AIM OF THE EXERCISE:
Please repeat the data below exactly, with the pictures removed.

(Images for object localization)
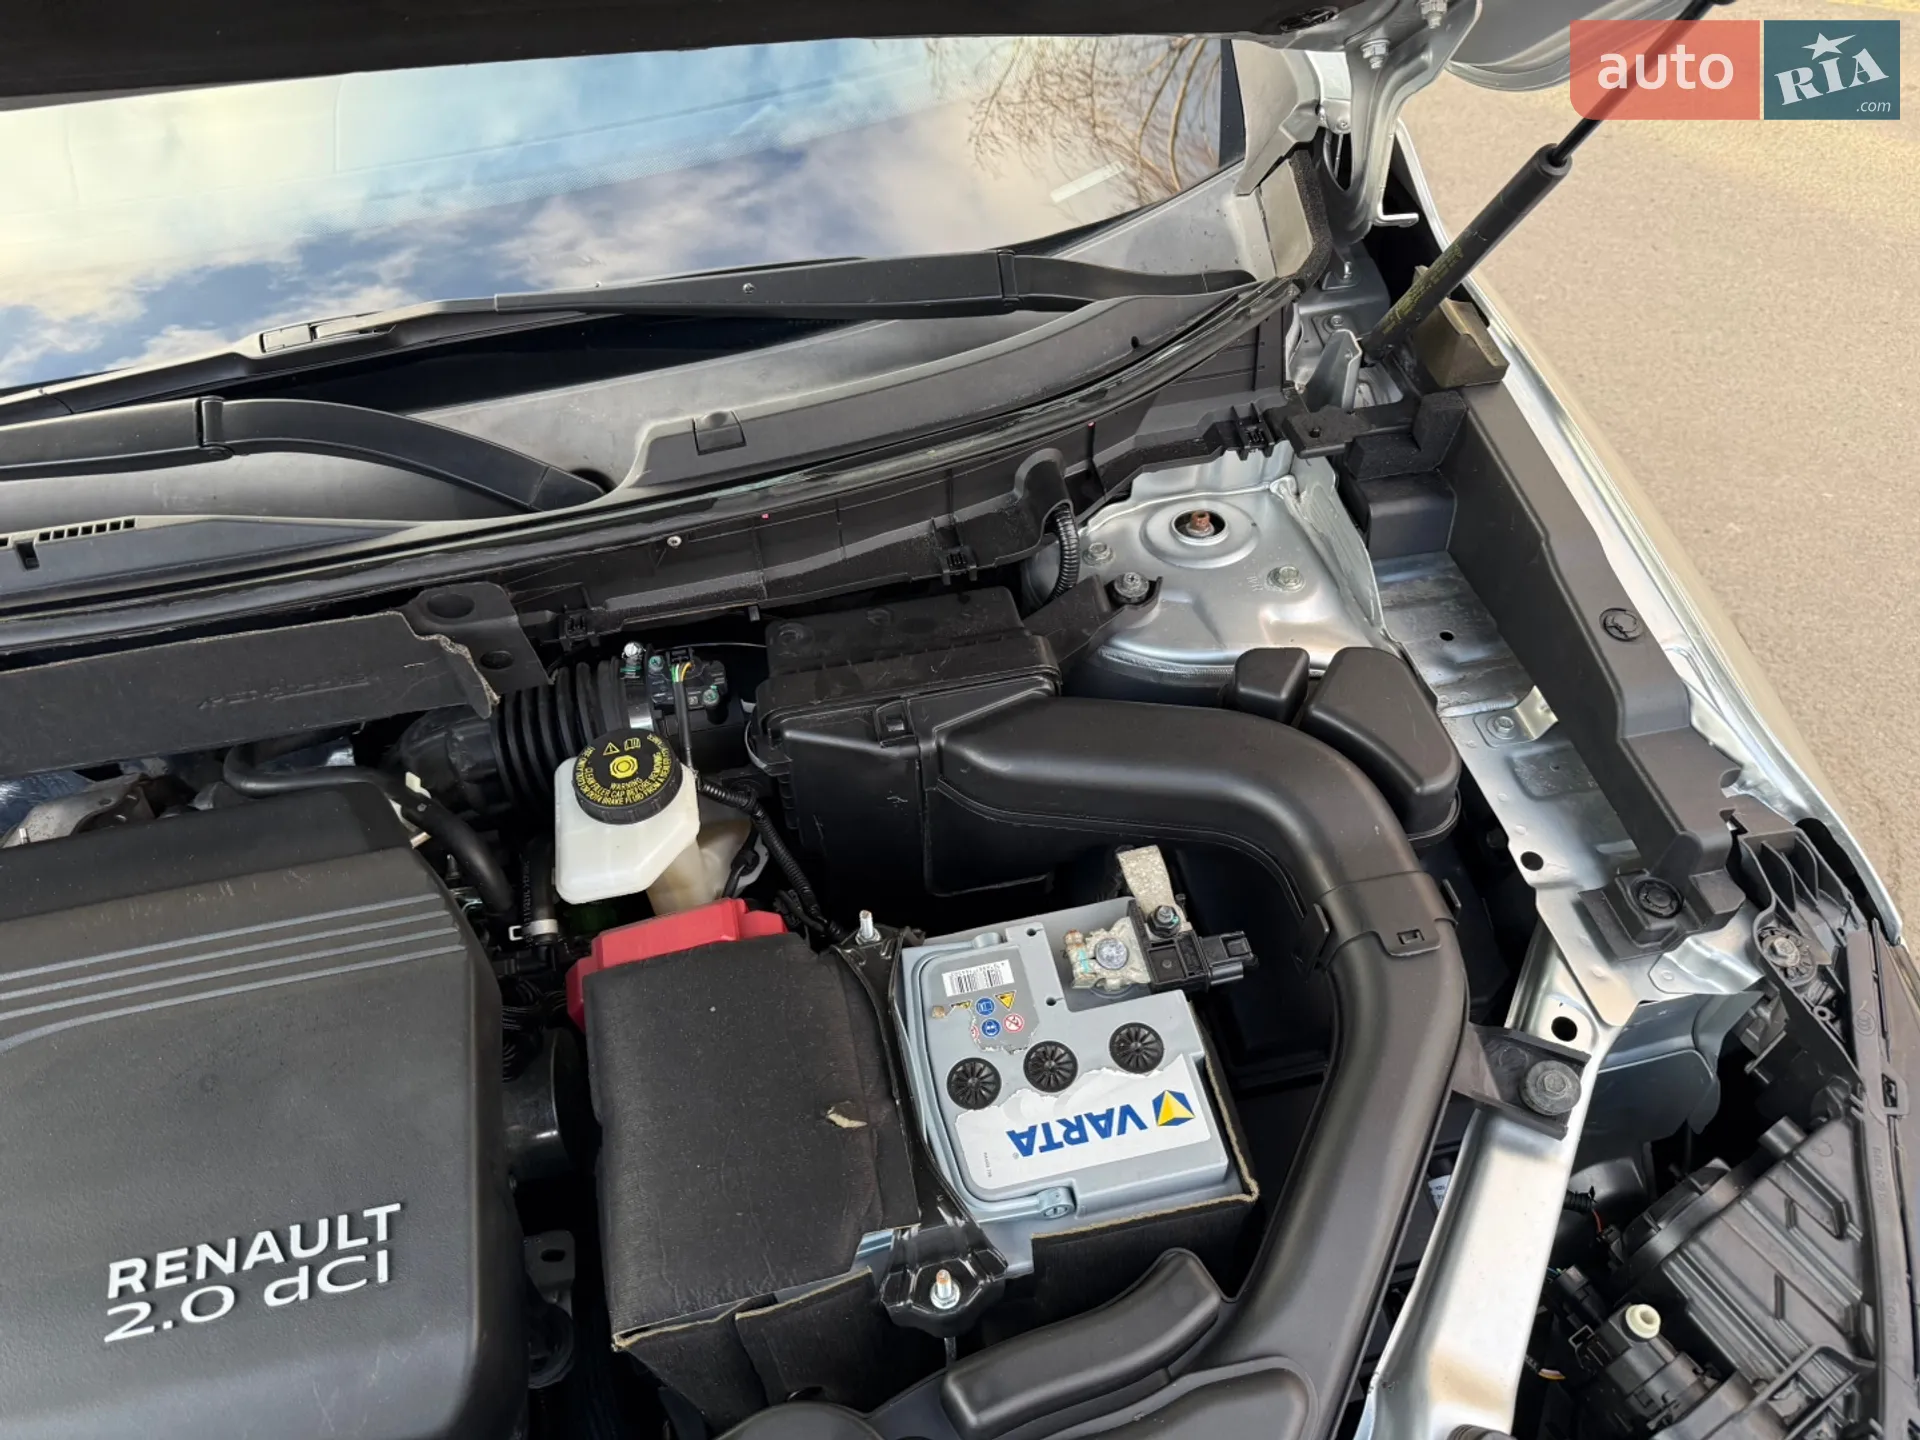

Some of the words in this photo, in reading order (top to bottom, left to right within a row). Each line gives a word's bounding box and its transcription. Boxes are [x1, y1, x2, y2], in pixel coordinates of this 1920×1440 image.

[590, 783, 611, 797] FILLER
[611, 790, 625, 798] CAP
[602, 796, 624, 805] BRAKE
[610, 777, 643, 791] WARNING
[1006, 1104, 1148, 1157] VARTA
[107, 1202, 401, 1299] RENAULT
[104, 1284, 236, 1343] 2.0

EXERCISE RESPONSE:
Some of the words in this photo, in reading order (top to bottom, left to right within a row). Each line gives a word's bounding box and its transcription. Boxes are [x1, y1, x2, y2], in pixel coordinates of this 1920×1440 image.

[590, 783, 611, 797] FILLER
[611, 790, 625, 798] CAP
[602, 796, 624, 805] BRAKE
[610, 777, 643, 791] WARNING
[1006, 1104, 1148, 1157] VARTA
[107, 1202, 401, 1299] RENAULT
[104, 1284, 236, 1343] 2.0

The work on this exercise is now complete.